En 2025, nuevas regulaciones mediáticas bajo la Comisión General de Medios Audiovisuales (GCAM) ampliaron el control sobre el contenido. Se exige que periodistas, influencers y creadores obtengan licencias antes de publicar. Se prohíben «noticias falsas», críticas al islam o la familia real y contenido «contrario a la moral pública», con definiciones ambiguas que permiten interpretaciones arbitrarias. Las sanciones incluyen multas, eliminación de contenido, suspensión de cuentas y procesos penales.
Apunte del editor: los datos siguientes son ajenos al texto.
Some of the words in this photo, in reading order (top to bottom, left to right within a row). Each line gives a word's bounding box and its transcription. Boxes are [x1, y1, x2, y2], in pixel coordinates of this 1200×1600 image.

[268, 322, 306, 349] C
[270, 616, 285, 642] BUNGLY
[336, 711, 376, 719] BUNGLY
Vigilancia y represión digital

Las autoridades utilizan tecnologías de espionaje digital, incluso contra personas en el extranjero. Tropas digitales apoyadas por el Estado realizan campañas de difamación e intimidación para silenciar voces independientes y limitar el acceso a perspectivas diversas.

Riesgos para periodistas durante el Mundial

El Mundial incrementa la presión sobre los pocos periodistas independientes en el país. Los reporteros internacionales enfrentarán vigilancia, restricciones y censura. Existe riesgo de detención o expulsión para quienes informen sobre condiciones laborales, abusos de derechos humanos o realidades sociopolíticas ocultas por el espectáculo del torneo.
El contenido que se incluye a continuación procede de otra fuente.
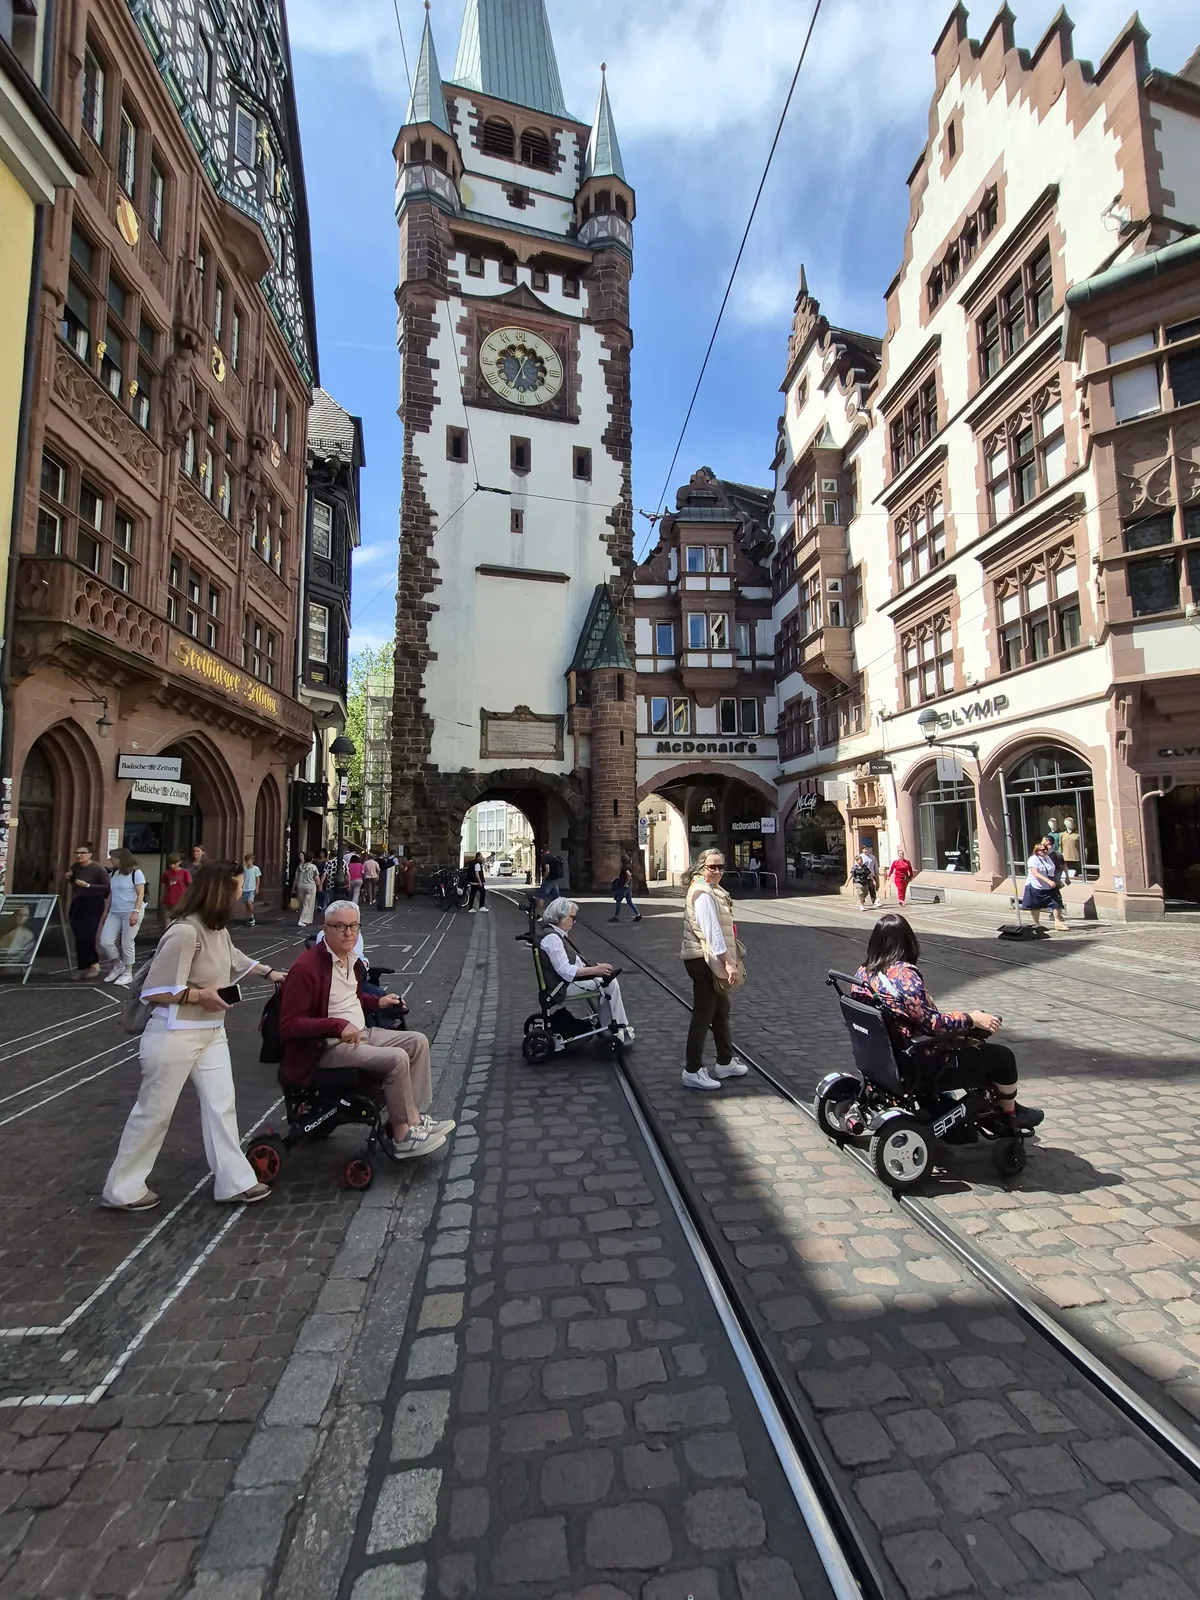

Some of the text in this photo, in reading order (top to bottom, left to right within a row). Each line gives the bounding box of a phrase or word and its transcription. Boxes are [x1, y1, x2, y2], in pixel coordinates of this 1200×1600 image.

[656, 741, 758, 754] McDonald's
[1158, 745, 1200, 758] OLY
[121, 762, 179, 772] Badische Zeitung
[134, 781, 189, 801] Badische Zeitung
[691, 824, 713, 832] McDonald's
[731, 821, 760, 831] McDonald's
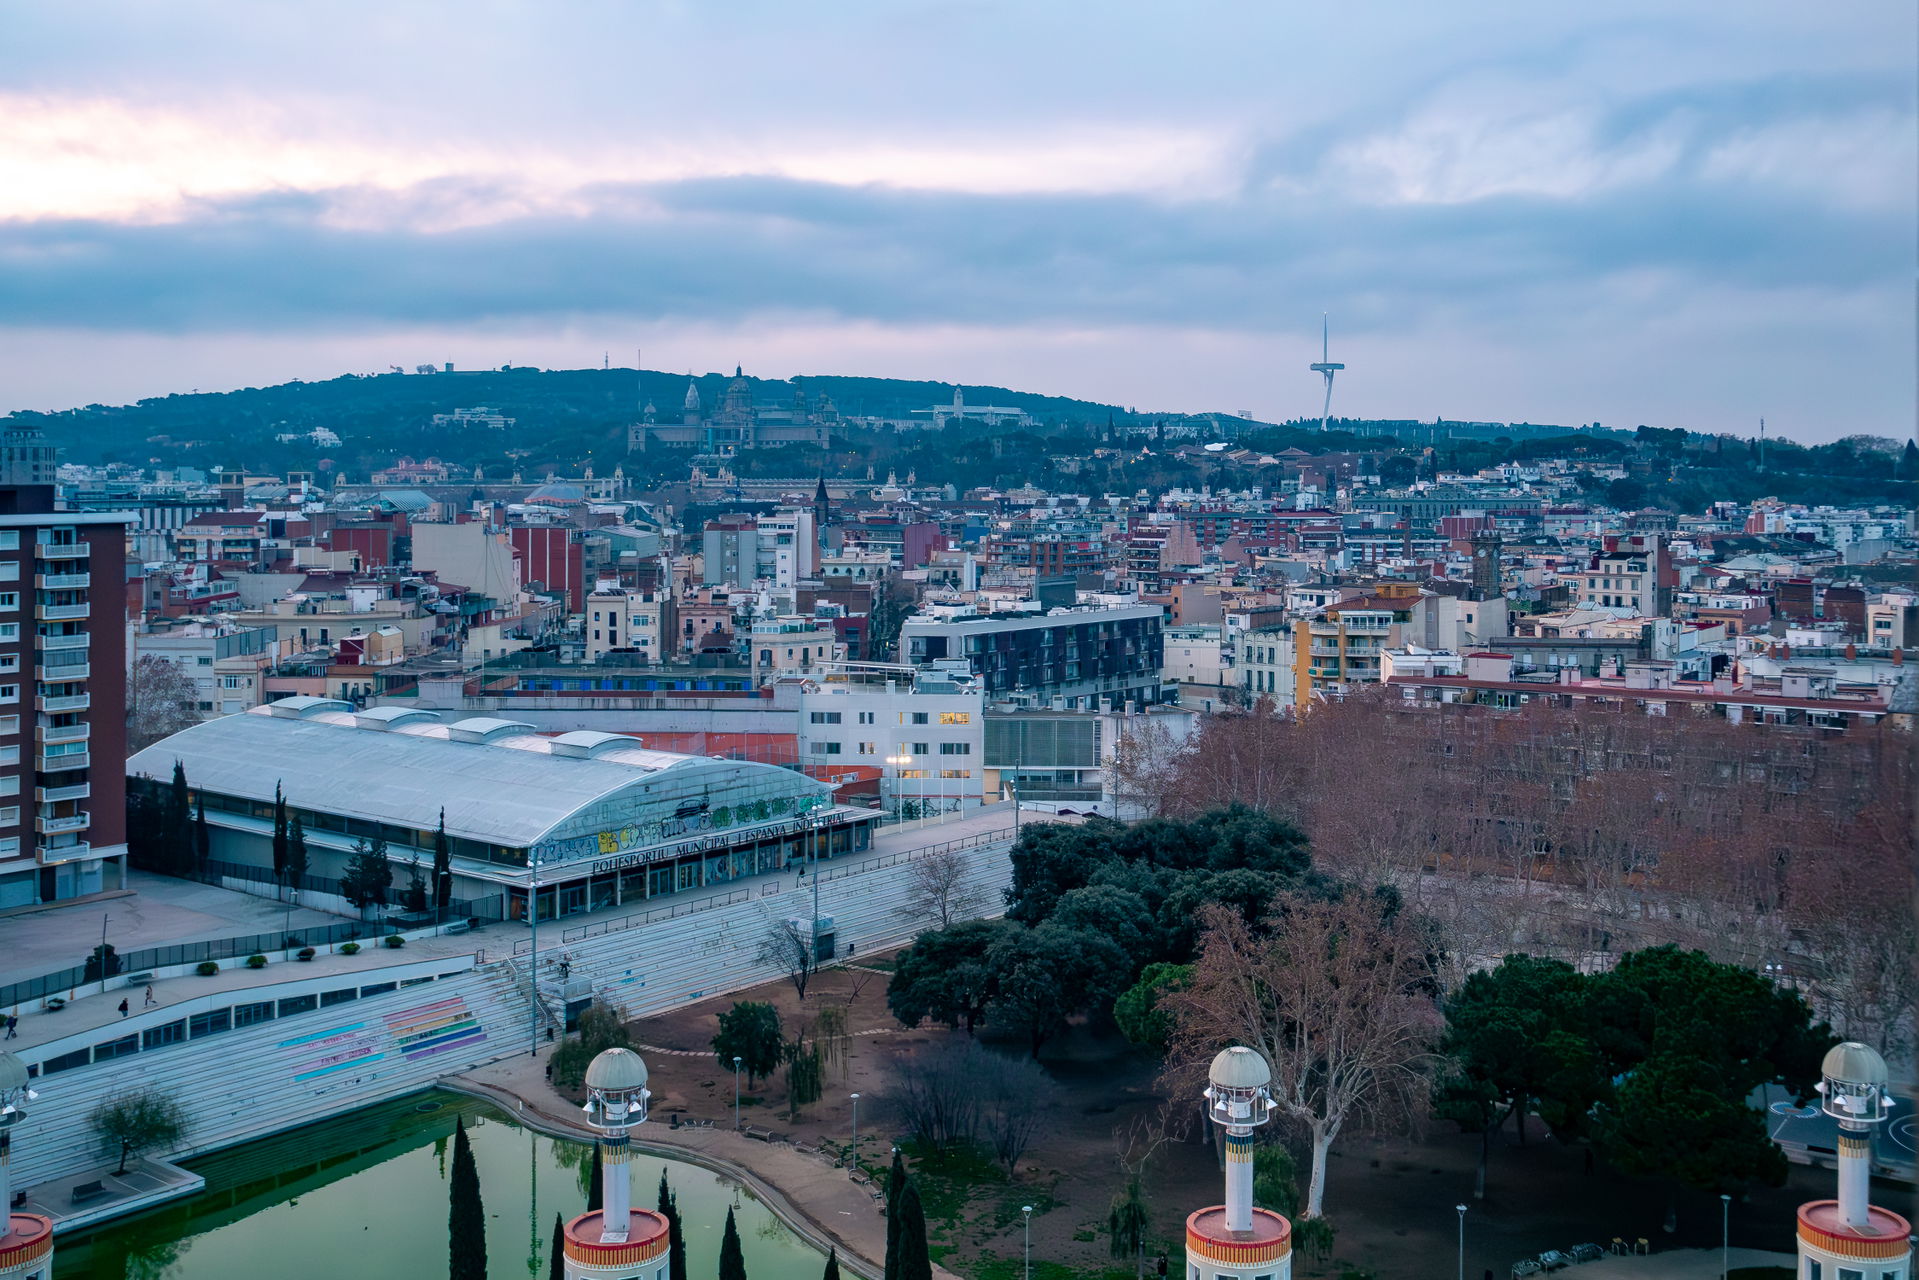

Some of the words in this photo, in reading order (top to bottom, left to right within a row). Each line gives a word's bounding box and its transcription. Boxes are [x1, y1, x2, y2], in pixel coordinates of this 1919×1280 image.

Preocupación de la comunidad internacional

Organizaciones como Amnistía Internacional y Human Rights Watch han condenado la decisión de la FIFA. En 2025, una coalición de abogados, incluido Mark Pieth, presentó una denuncia acusando a la FIFA de violar su política de derechos humanos de 2017. Amnistía calificó la evaluación de «blanqueo», advirtiendo que sin reformas el evento estará marcado por explotación laboral y represión.

Contradicción con los compromisos de derechos humanos de la FIFA

La política oficial de derechos humanos de la FIFA exige evaluaciones independientes y garantías de los países anfitriones, incluyendo libertad de expresión y protección laboral. Sin embargo, la decisión sobre Arabia Saudita contradice estos principios. No se exigieron salvaguardias ni compromisos verificables. Las ONG critican la falta de transparencia y de consultas con la sociedad civil.

La necesidad de rendición de cuentas

Los controles estrictos y la censura saudí auguran un Mundial dominado por la propaganda. Los periodistas que intenten informar de forma crítica sobre derechos humanos, cuestiones laborales o impactos sociales enfrentarán graves obstáculos. Esto refuerza los llamados a la presión internacional, a la rendición de cuentas y, en algunos casos, al boicot para proteger la libertad de prensa y los derechos fundamentales.